Wenn man nach substantiellen Antworten auf diese Fragen sucht und verhindern möchte, in den Strom unter­schiedlicher Meinungen und Positionen zu geraten, dann gibt es sehr hilfreiche Dokumente, die das Lehramt der katholischen Kirche dazu herausgegeben hat. Angefangen bei der Enzyklika Humanae vitae von Papst Paul VI.1 über die beiden Enzykliken Veritatis splendor und Evangelium vitaevon Johannes Paul II.2 Vor allem sind zwei Instruktionen der Kongregation für die Glaubenslehre hervorzuheben, in denen spezifisch bioethische Themen behandelt werden und die im Hinblick auf die künstliche Befruchtung wichtige ethisch-moralische Prinzipien darlegen. Dabei handelt es sich um die Instruktion Donum vitae, über „die Achtung vor dem beginnenden menschlichen Leben und die Würde der Fortpflanzung,“[3]nicht zu verwechseln mit einem gleichlautenden Verein in Deutschland, der gänzlich andere Positionen vertritt. Und die Instruktion Dignitas personae über „einige Fragen der Bioethik.“[4]An dieser Stelle kann kein vollständiger Überblick über dieses Thema geboten werden, wohl aber sollen in Kürze jene Prinzipien dargelegt werden, die es erlauben, eine Antwort auf die eingangs gestellte Frage zu geben. Dabei ist zunächst zu klären, was oder wer der Embryo ist, bevor dann in einem zweiten Schritt ein Blick auf die In-vitro-Fertilisation, die Erzeugung von Embryonen im Reagenzglas geworfen werden kann.

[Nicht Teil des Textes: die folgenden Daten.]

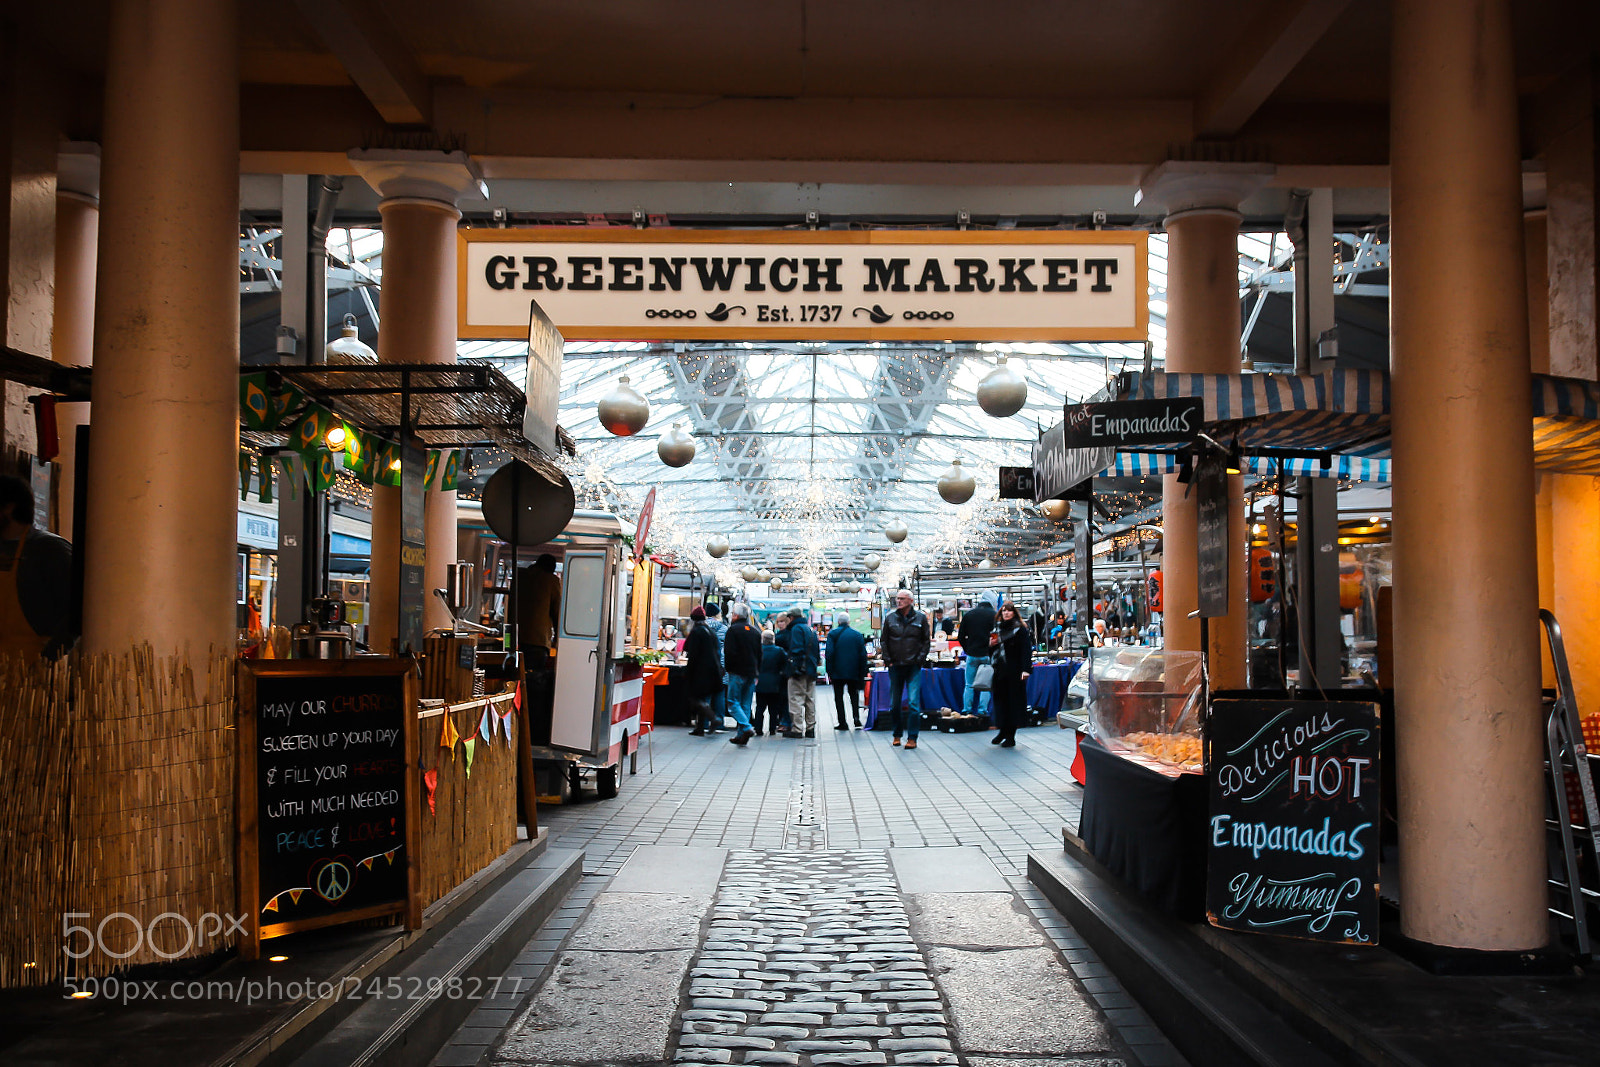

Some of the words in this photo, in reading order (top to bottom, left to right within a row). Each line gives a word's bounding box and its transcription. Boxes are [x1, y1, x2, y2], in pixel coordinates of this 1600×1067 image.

[485, 255, 843, 292] GREENWICH
[863, 257, 1118, 293] MARKET
[756, 304, 794, 322] Est.
[800, 304, 843, 322] 1737
[1069, 403, 1092, 427] hot
[1091, 405, 1196, 441] Empanadas
[262, 700, 295, 727] MAY
[300, 699, 327, 716] OUR
[262, 733, 319, 753] SWEETEN
[322, 731, 339, 747] UP
[342, 729, 373, 750] YOUR
[375, 728, 400, 748] DAY
[1218, 711, 1345, 797] Delicious
[314, 764, 348, 786] YOUR
[1290, 755, 1372, 800] HOT
[311, 794, 346, 815] MUCH
[350, 789, 400, 810] NEEDED
[276, 827, 326, 853] PEACE
[1210, 813, 1373, 861] Empanadas
[1222, 871, 1362, 934] Yummy

1 Vgl. Paul VI., Enzyklika Humanae vitae. Über die Weitergabe des Lebens, 25.7.1968, in: https://www.vatican.va/content/paul-vi/de/encyclicals/documents/hf_p-vi_enc_25071968_humanae-vitae.html [8.6.2022].

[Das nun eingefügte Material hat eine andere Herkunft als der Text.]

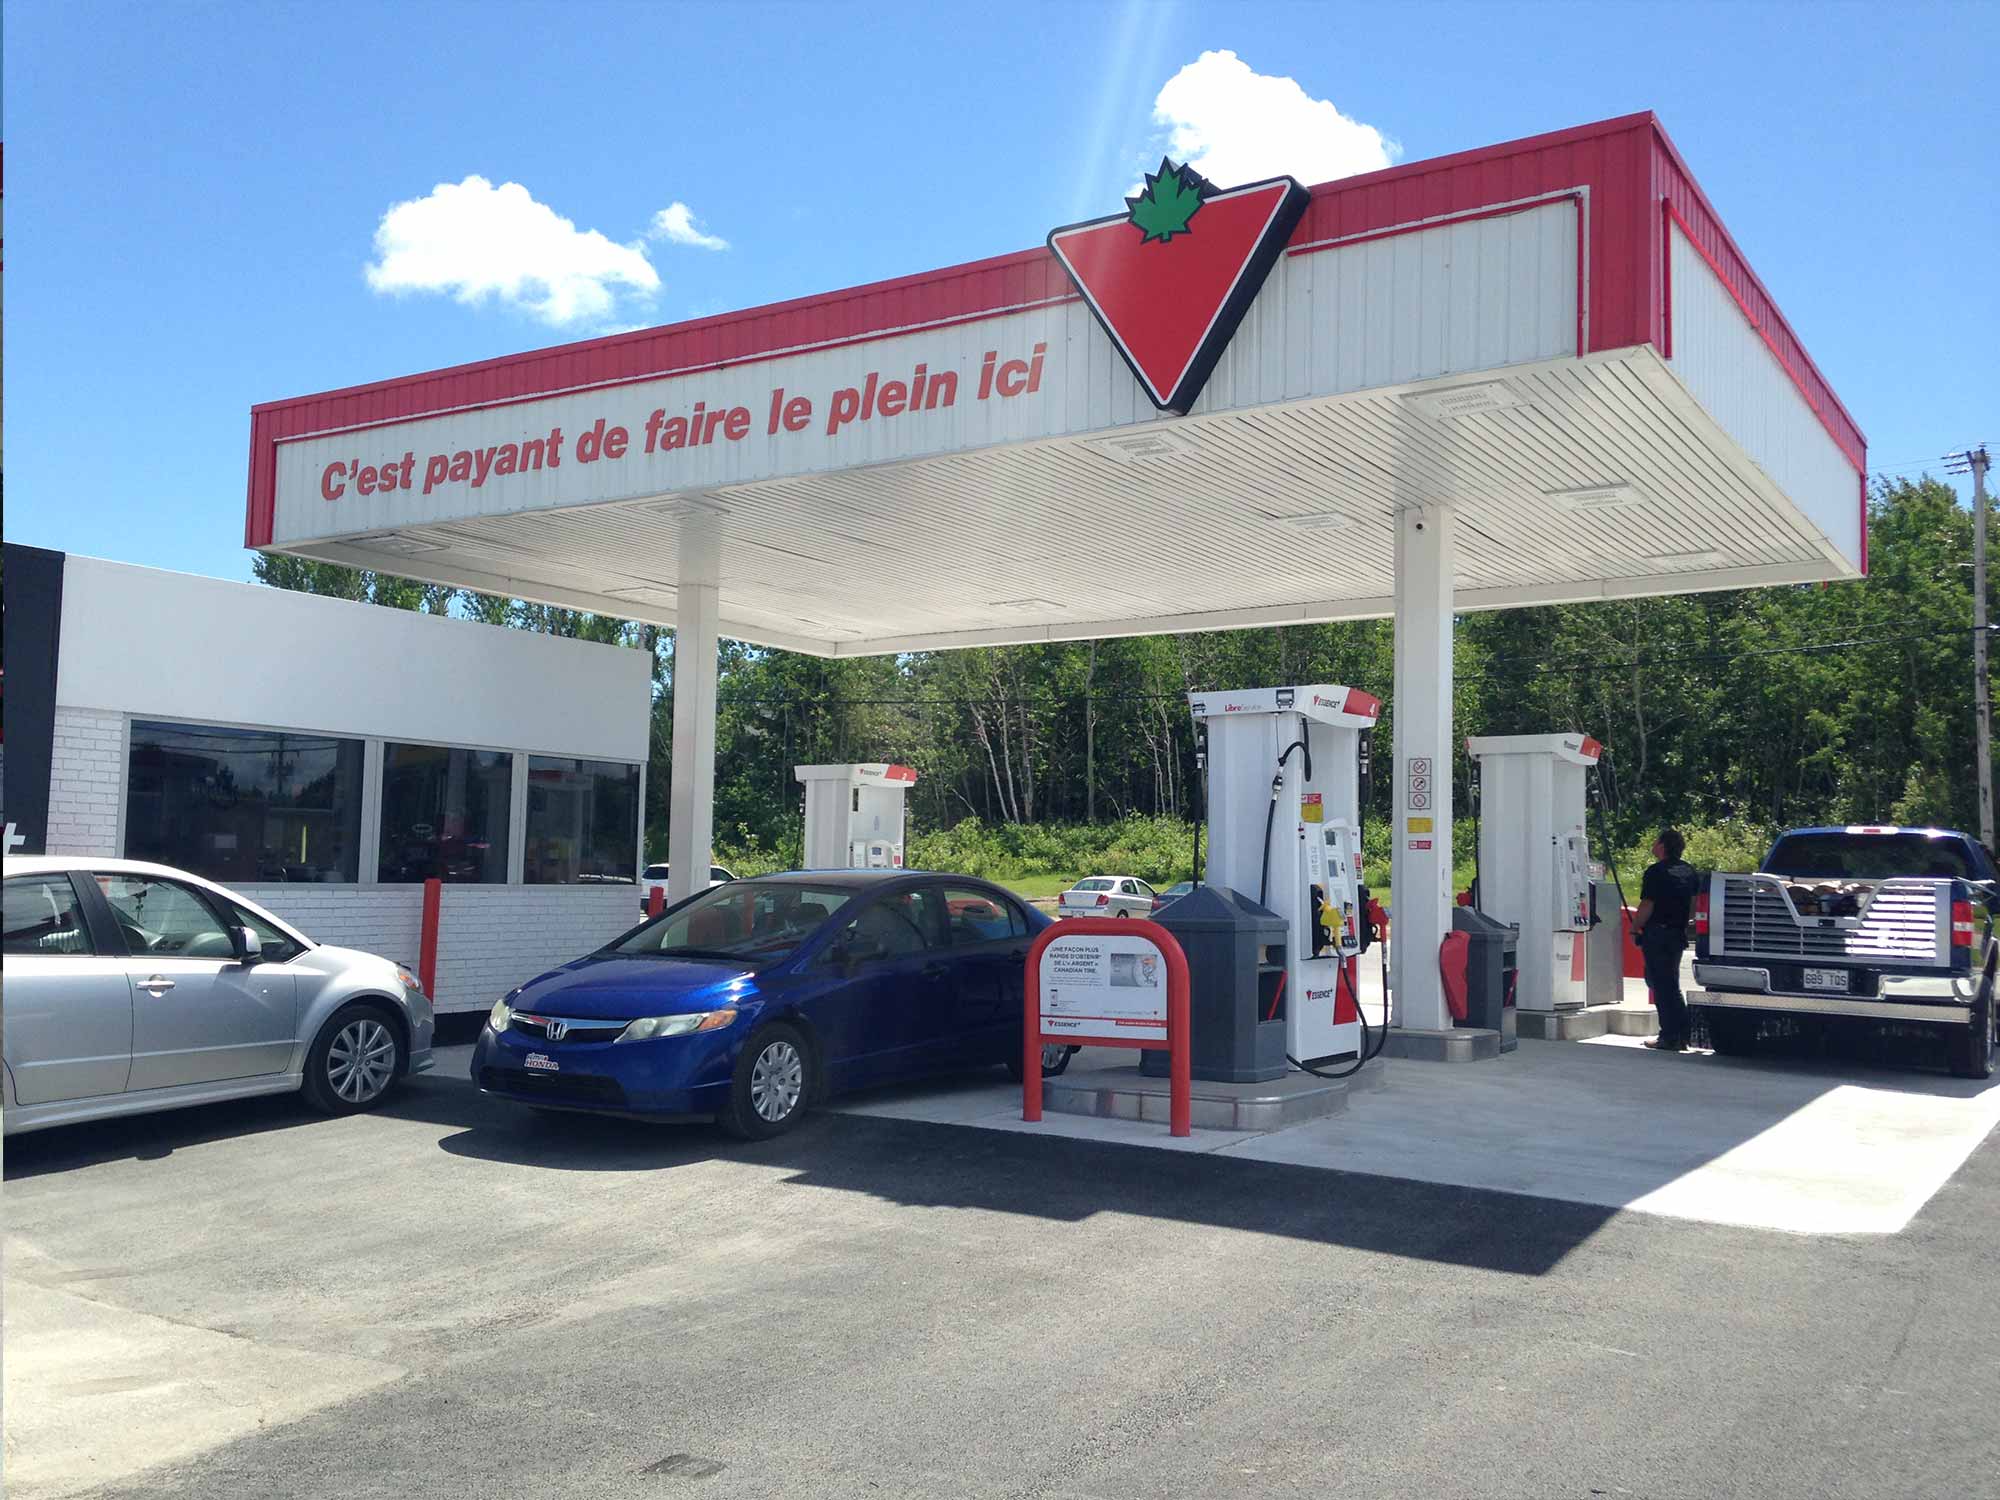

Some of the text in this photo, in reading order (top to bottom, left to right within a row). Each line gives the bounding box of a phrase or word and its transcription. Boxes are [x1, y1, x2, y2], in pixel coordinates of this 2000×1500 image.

[321, 342, 1047, 501] C'est payant de faire le plein ici
[1369, 703, 1376, 716] 4

2 Vgl. Johannes Paul II., Enzyklika Veritatis Splendor. Über einige grundlegende Fragen der kirchlichen Morallehre, in: VASt 111, Bonn 51995. Vgl. Johannes Paul II., Enzyklika Evangelium vitae. Über den Wert und die Unantastbarkeit des menschlichen Lebens, in: VASt 120, Bonn 62009.